When this concentration happens it is bad for sellers and buyers. Some sellers have a flood of messages to answer, while others are ignored. And for the buyer is also bad, because he has the object of desire denied because it has already been sold.
Thus we began to research an approach that would address both challenges, increase connectivity and increase product democracy.
The idea we are currently validating is to use a classifier to identify which factors in an ad have the greatest influence on stimulating buyer-seller contact given the user's intention when visiting another ad.
This would give us a chance to recommend ads that are likely to receive contacts long before it has even been viewed or received any contact.
In addition, this would give us the flexibility to heuristically filter ads currently being negotiated, avoiding concentration and giving other ads a chance.
To train this classifier we have created a balanced dataset containing features of both the source and the recommended ad, and as a target label a value informing if the seller was contacted about the recommended ad or not
This dataset was created using a pseudo random recommendationdisplayed to a sample users for one week.
This randomness was designed to allow us to discover other patterns of consumption that the current recommendation bias would prevent us.
As features of the source and recommended ad, we use the vector representation of the document using title and description generated through doc2vec.
The doc2vec model was trained using a sample of 15 million examples of OLX historical ads.
Other important group of features we included was a vector representation of the ad image as the penultimate layer of a pre-trained ResNet18 (eighteen)
In addition, it was natural to imagine that the geographical distance between the ads were a representative factor.
As the most granular location information we have from the ad is the neighborhood,
we have done a Matrix Factorization between users and the ad neighborhoods where they come in contact with
to generate a vector representation of the neighborhood.
Look, do not confuse the name “neighborhood” with the term in the algorithm KNN
Last but not least, the price difference between the ads was included
With all those features in this pseudo random balanced dataset, we use the CatBoost classifier and so far have achieved an accuracy of 75% which is an excellent result given it deals with human behavior
We have not yet been able to validate offline if this technique will do better than our current recommendation. We are currently trying to find a way to validate this fairly and without bias.
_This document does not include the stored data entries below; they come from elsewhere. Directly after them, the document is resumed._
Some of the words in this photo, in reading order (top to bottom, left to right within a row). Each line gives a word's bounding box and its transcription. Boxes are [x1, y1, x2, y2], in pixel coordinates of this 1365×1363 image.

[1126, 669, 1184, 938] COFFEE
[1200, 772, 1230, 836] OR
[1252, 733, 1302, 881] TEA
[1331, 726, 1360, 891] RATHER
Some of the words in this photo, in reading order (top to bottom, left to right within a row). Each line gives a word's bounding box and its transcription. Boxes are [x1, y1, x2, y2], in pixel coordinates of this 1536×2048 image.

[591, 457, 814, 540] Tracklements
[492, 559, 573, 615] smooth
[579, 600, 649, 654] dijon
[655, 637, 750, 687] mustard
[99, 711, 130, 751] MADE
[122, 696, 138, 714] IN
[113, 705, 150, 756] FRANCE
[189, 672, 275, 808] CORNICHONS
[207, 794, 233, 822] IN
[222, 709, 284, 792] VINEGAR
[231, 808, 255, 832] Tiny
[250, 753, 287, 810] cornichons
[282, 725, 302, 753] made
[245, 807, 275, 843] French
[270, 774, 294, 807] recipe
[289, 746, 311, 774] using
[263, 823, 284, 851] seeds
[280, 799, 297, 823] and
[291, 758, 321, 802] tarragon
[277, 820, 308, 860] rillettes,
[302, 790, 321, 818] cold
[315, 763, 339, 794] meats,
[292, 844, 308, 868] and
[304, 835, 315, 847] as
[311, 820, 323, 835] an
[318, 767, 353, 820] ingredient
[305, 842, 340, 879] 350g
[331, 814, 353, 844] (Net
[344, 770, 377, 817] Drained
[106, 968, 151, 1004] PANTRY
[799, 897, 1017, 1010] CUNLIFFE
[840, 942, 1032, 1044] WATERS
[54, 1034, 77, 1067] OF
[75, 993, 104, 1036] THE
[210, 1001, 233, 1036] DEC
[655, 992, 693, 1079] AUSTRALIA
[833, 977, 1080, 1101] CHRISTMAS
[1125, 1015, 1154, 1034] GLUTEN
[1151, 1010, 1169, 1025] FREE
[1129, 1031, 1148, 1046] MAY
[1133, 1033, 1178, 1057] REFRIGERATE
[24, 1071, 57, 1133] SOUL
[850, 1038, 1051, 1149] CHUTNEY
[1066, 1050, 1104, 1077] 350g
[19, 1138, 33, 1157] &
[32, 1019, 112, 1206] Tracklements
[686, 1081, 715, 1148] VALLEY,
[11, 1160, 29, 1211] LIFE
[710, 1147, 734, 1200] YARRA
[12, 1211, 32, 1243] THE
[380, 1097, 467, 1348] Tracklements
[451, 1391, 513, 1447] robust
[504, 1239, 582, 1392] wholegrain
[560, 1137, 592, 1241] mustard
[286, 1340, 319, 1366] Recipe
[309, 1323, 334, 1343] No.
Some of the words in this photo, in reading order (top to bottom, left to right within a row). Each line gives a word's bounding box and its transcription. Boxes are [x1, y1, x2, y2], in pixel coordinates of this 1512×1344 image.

If anyone have idea of how we can do this, please come talk to us after the talk in the OLX stand But we already have an idea of how to put this algorithm in production.
Once you have this classifier ready, because of our huge ad volume, it will be impracticable to do the prediction in real time on the API
So we are thinking of strategies to make this prediction in a background streaming process by calculating the probabilities through the classifier and updating them in real time in a database.
For each new ad, the streaming process will need to:
Calculate text and image embeddings and save into the database.
Browse a large sample of ads to calculate the probability of contact using the classifier and save these probabilities to the database. In this moment we are going to have the recommendations for the published item.
Execute the reverse probability calculation, switching the recommended ad as source ad to update recommendations for old items in the database
That way the API would only need to execute an optimized SQL query while maintaining our excellent performance.
As future research and improvements we are going to experiment the embedding technique adopted by Gabriel Moreiras’s in his excelent paper about Chamaleon.
And as an alternative on the classification we are thinking about doing the matrix factorization using the items features as Kula described in his paper from recsys 2015 and implemented in lightFM.